Bianchi era perfettamente a conoscenza del processo di trasformazione in atto avendo visto con i suoi occhi mutare nel Regno di Napoli – dove era a lungo vissuto – in un solo decennio, dopo gli anni Sessanta, il linguaggio, i propositi, le persone e persino i nomi delle logge, da Les Zelès, La Sécrète, La Constance, La Fidèle a Dell’eguaglianza, Della Pace, La Philantropia, L’Humanité. Egli sapeva che la sempre più evidente politicizzazione dei discorsi e la progressiva coincidenza tra la repubblica letteraria, il mondo dei Lumi e la Fratellanza nel contesto napoletano non si discostava in nulla rispetto a quanto stava avvenendo nel resto del continente. Con la Rivoluzione americana apertamente legittimata dai diritti dell’uomo e la circolazione del mito della libertas americana destinata a mobilitare ovunque i fratelli a favore delle colonie ribelli, con la nascita nel 1776 a Parigi della illuministica Loge des Neufs sœurs, e infine con lo scandalo degli Illuminati di Baviera nel 1785, accusati di complottare per sovvertire lo Stato, la domanda su cosa stesse succedendo nella Fratellanza in merito all’antico e tassativo divieto di occuparsi di politica era sulla bocca di tutti. Troppo repentino e stupefacente era stato il cambiamento avvenuto.

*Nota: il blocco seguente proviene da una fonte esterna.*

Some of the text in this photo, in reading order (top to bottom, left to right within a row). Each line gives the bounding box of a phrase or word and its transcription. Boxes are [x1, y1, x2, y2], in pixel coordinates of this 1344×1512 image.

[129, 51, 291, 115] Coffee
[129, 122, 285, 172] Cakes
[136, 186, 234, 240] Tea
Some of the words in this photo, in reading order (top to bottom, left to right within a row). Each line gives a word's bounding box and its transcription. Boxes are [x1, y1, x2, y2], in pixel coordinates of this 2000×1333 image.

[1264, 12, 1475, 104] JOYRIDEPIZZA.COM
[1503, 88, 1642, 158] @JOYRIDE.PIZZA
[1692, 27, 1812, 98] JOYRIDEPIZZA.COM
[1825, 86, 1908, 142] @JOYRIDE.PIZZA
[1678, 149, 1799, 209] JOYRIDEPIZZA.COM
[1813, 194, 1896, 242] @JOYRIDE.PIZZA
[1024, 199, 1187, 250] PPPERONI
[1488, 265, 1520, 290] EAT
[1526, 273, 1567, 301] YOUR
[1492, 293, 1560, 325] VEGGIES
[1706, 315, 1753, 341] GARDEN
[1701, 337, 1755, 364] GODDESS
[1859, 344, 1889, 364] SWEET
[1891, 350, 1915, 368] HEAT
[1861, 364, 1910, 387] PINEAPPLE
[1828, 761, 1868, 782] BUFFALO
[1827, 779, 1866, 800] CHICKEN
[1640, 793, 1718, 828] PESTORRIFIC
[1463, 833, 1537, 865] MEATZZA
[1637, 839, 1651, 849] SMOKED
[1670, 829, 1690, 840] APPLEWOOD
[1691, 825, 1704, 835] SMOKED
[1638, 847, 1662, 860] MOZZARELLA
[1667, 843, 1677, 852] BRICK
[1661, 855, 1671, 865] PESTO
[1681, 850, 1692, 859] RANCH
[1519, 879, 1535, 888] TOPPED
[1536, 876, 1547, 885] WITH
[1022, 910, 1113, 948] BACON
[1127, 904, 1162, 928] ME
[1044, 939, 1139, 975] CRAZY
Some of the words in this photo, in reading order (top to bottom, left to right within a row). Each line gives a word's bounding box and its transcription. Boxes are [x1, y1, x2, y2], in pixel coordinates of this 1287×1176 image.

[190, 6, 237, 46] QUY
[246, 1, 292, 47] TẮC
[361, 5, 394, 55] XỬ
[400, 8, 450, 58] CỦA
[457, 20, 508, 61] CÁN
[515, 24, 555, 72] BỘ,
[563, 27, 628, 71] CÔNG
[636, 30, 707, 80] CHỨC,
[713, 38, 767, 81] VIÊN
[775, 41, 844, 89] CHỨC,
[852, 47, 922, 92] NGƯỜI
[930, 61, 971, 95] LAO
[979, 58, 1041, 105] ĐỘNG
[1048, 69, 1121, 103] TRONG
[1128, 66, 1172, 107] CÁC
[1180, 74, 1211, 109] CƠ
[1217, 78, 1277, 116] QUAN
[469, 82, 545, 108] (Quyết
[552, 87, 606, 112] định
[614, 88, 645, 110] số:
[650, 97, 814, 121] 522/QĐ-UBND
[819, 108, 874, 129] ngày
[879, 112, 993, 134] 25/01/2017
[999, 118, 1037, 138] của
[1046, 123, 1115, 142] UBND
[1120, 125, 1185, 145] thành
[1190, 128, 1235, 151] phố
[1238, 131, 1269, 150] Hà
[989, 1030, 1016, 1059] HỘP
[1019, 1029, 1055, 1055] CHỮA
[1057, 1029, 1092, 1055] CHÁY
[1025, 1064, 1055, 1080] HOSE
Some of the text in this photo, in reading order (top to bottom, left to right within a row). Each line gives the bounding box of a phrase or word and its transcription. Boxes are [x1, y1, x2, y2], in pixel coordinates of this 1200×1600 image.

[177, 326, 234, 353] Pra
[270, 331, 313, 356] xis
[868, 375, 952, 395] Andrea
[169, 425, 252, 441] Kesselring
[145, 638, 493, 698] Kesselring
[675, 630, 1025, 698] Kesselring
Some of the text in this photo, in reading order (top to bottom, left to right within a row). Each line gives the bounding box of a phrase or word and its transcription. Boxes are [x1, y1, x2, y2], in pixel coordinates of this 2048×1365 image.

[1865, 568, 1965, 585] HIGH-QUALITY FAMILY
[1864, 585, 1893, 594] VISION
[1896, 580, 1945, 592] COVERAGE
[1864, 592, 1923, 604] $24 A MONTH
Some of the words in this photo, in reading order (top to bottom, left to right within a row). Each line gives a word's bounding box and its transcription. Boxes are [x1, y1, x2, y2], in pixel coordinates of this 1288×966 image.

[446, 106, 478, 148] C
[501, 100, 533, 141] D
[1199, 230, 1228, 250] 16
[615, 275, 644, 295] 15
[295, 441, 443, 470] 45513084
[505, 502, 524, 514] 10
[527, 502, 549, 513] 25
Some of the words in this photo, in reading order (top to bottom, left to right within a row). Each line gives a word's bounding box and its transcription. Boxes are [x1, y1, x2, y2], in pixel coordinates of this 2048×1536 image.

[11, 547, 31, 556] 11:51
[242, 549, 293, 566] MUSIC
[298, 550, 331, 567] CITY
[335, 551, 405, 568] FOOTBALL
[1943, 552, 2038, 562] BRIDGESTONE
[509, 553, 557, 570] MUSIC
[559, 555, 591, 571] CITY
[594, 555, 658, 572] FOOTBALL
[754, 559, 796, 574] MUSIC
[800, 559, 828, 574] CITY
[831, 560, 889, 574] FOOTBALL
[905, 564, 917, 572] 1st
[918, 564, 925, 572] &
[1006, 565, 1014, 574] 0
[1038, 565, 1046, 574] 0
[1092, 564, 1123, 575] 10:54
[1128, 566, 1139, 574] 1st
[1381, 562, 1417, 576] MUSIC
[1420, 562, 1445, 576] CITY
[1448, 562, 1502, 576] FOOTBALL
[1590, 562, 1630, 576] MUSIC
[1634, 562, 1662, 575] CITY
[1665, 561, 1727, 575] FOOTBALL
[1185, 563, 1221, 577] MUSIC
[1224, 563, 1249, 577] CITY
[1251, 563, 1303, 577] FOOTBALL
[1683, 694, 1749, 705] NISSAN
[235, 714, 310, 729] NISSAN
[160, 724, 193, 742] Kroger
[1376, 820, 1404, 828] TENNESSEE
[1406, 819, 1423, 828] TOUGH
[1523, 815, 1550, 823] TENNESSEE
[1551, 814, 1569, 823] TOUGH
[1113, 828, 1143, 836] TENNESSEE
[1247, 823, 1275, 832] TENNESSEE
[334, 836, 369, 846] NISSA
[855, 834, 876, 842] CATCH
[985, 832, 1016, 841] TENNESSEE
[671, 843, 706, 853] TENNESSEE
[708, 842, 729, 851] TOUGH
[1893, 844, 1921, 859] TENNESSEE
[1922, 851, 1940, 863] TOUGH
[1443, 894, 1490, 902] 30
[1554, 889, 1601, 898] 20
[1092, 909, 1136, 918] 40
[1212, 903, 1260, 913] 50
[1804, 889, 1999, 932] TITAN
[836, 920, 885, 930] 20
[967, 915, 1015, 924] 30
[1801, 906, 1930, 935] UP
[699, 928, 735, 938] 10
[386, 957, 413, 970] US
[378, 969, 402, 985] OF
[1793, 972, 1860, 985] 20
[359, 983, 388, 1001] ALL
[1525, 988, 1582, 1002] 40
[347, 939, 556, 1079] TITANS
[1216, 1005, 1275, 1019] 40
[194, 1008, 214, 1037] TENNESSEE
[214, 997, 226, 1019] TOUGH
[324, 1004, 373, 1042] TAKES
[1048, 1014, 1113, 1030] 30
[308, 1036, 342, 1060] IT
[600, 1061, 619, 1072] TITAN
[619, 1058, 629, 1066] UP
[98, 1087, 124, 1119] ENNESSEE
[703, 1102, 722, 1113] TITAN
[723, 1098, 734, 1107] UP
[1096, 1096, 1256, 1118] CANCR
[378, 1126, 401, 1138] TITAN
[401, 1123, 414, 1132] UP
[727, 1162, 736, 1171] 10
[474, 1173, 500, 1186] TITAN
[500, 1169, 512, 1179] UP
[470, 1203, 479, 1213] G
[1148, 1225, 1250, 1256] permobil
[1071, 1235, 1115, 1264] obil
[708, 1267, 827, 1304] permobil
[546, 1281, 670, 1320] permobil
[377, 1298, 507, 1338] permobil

Com’è noto, nella prima edizione delle Constitutions di James Anderson del 1723 si diffidavano apertamente i fratelli dal fare politica e dal cospirare contro i governi evitando tuttavia di arrivare all’espulsione dell’eventuale trasgressore: «They cannot expel him from the lodge». Negli Stati europei dominati dall’assolutismo le numerose traduzioni delle Constitutions ribadivano e rafforzavano quel divieto cancellando però quest’ultima frase. Ogni motivo di divisione politica e di turbamento dell’armonia sociale andava infatti risolutamente evitato e i colpevoli severamente puniti: «C’est pourquoi il faut se défaire de toutes les querelles et des toutes les brouilleries avant que d’entrer dans la loge; d’autant plus si elles sont des disputes sur la Religion ou sur le mérite des Nations et des Gouvernements [...]; nous sommes résolus contre tous les maximes de la Politique de ne point embrasser des partis qui n’ont jamais fait ni ne feront prospérer la loge». E tale divieto era ancora formalmente ribadito al grande raduno europeo della Stretta Osservanza del 1782 a Wilhelmsbad. Sin dalla fondazione delle prime logge, al massone era invece fatto obbligo di concentrare la sua attenzione sulla sfera morale, sulla pratica dei doveri e delle virtù secondo gli insegnamenti del diritto naturale secentesco: «The Mason is oblig’d, by his Tenure, to obey the moral Law» recitavano le Constitutions di Anderson.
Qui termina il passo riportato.